*** Data under study Section Begins ***

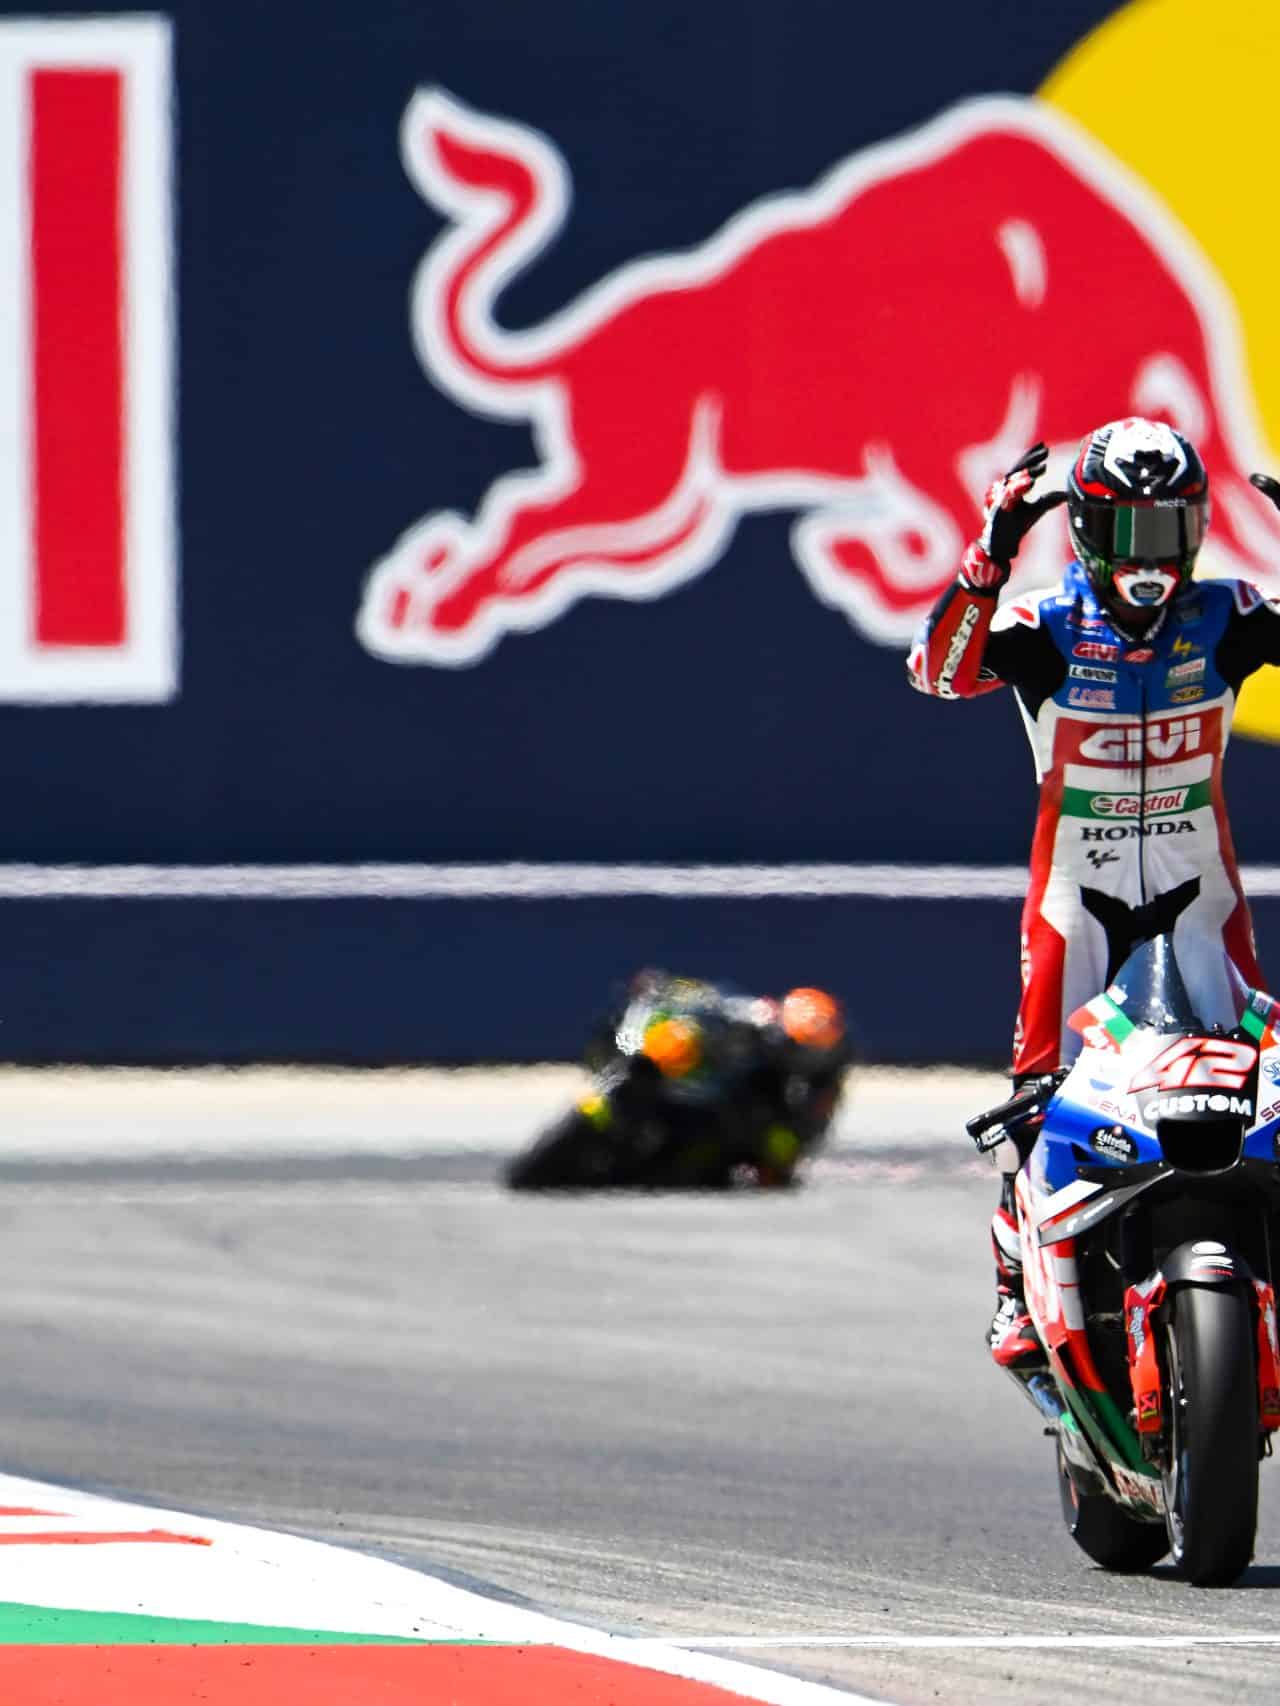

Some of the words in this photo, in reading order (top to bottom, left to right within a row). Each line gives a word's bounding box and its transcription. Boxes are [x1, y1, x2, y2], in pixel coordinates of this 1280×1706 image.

[1079, 717, 1201, 760] GIVI
[1114, 791, 1183, 815] Castrol
[1080, 820, 1197, 841] HONDA
[1127, 1037, 1258, 1094] 42
[1143, 1094, 1251, 1121] CUSTOM

*** Data under study Section Ends ***

> _Directions_
An exact copy of all the entries is required, and it must contain no pictures.

> _The answer_
Some of the words in this photo, in reading order (top to bottom, left to right within a row). Each line gives a word's bounding box and its transcription. Boxes are [x1, y1, x2, y2], in pixel coordinates of this 1280×1706 image.

[1079, 717, 1201, 760] GIVI
[1114, 791, 1183, 815] Castrol
[1080, 820, 1197, 841] HONDA
[1127, 1037, 1258, 1094] 42
[1143, 1094, 1251, 1121] CUSTOM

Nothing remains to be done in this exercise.